● The problem: Restate the full listing word for word and leave the pictures out.
━━━ Available data ━━━
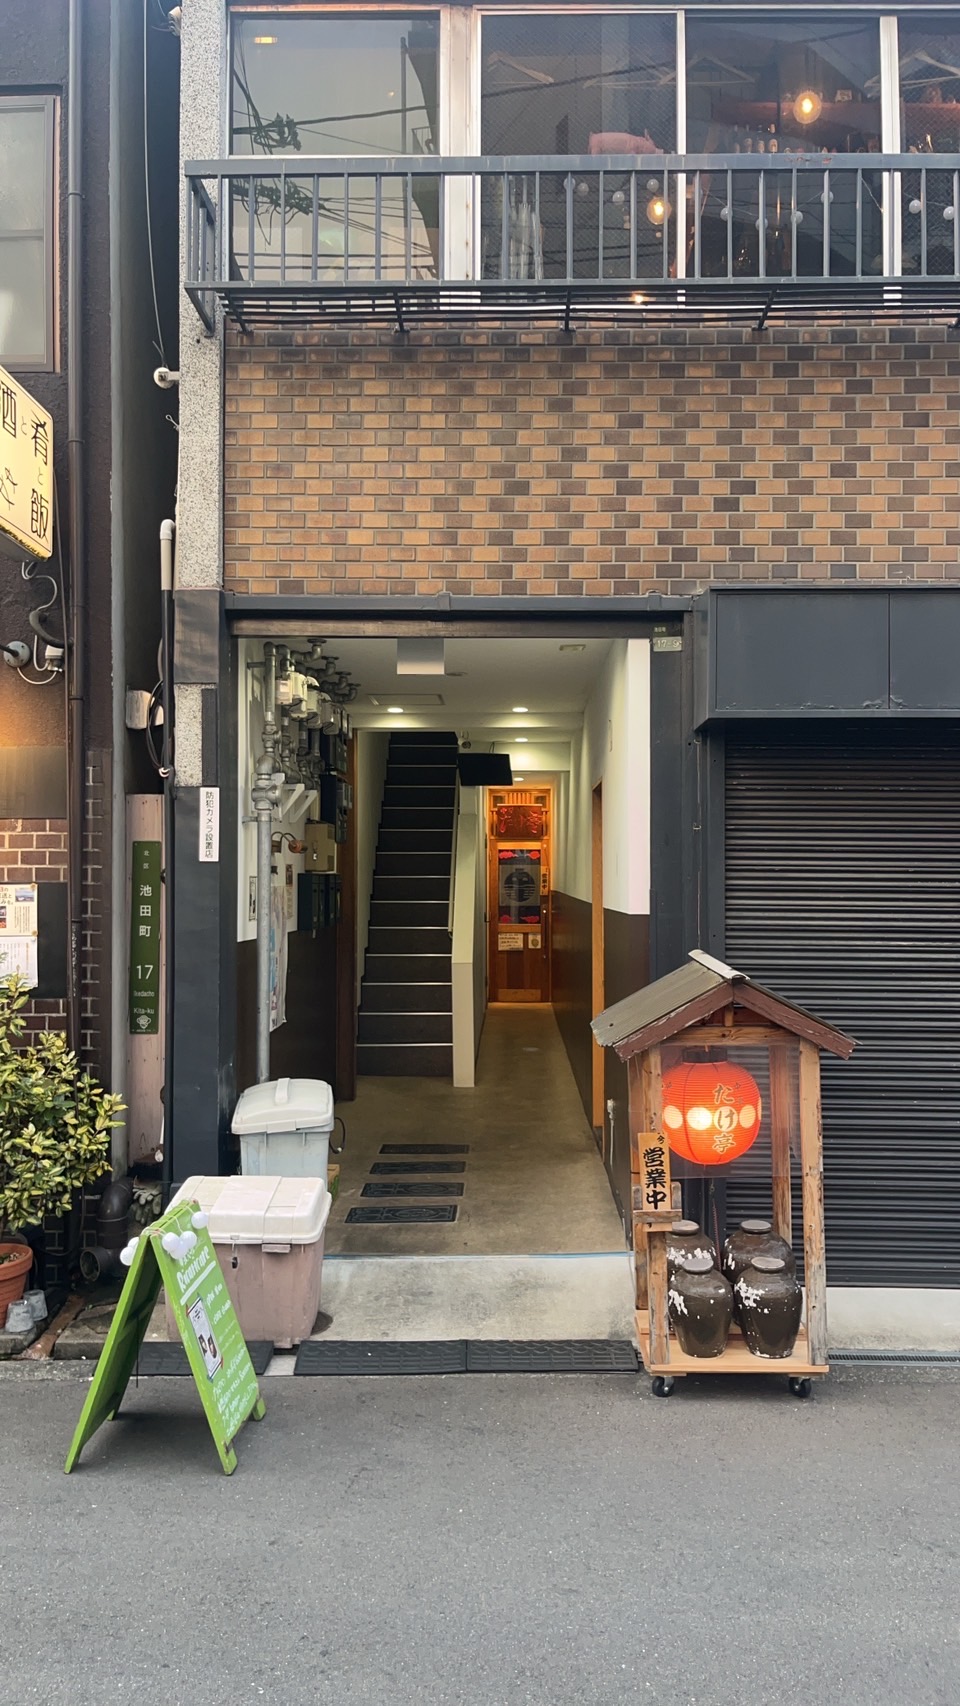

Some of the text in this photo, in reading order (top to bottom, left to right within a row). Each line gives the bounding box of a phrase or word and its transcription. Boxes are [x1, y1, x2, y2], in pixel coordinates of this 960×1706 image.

[205, 791, 214, 859] 防犯カメラ設置店
[139, 884, 152, 938] 池田町
[136, 964, 154, 980] 17
[711, 1083, 736, 1154] たけ亭
[643, 1146, 667, 1210] 営業中
━━━
● Output of the exercise:
Some of the text in this photo, in reading order (top to bottom, left to right within a row). Each line gives the bounding box of a phrase or word and its transcription. Boxes are [x1, y1, x2, y2], in pixel coordinates of this 960×1706 image.

[205, 791, 214, 859] 防犯カメラ設置店
[139, 884, 152, 938] 池田町
[136, 964, 154, 980] 17
[711, 1083, 736, 1154] たけ亭
[643, 1146, 667, 1210] 営業中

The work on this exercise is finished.